-- ASSIGNMENT --
Without changing anything, reproduce every record below.

== Segment start ==

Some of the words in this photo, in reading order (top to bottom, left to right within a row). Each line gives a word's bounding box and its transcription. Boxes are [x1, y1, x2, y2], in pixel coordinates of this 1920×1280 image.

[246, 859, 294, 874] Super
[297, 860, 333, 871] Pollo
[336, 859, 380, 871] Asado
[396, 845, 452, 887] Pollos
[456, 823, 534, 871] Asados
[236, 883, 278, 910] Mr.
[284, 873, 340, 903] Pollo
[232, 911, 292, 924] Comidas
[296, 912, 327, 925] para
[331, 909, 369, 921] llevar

== Segment end ==

-- ANSWER --
Some of the words in this photo, in reading order (top to bottom, left to right within a row). Each line gives a word's bounding box and its transcription. Boxes are [x1, y1, x2, y2], in pixel coordinates of this 1920×1280 image.

[246, 859, 294, 874] Super
[297, 860, 333, 871] Pollo
[336, 859, 380, 871] Asado
[396, 845, 452, 887] Pollos
[456, 823, 534, 871] Asados
[236, 883, 278, 910] Mr.
[284, 873, 340, 903] Pollo
[232, 911, 292, 924] Comidas
[296, 912, 327, 925] para
[331, 909, 369, 921] llevar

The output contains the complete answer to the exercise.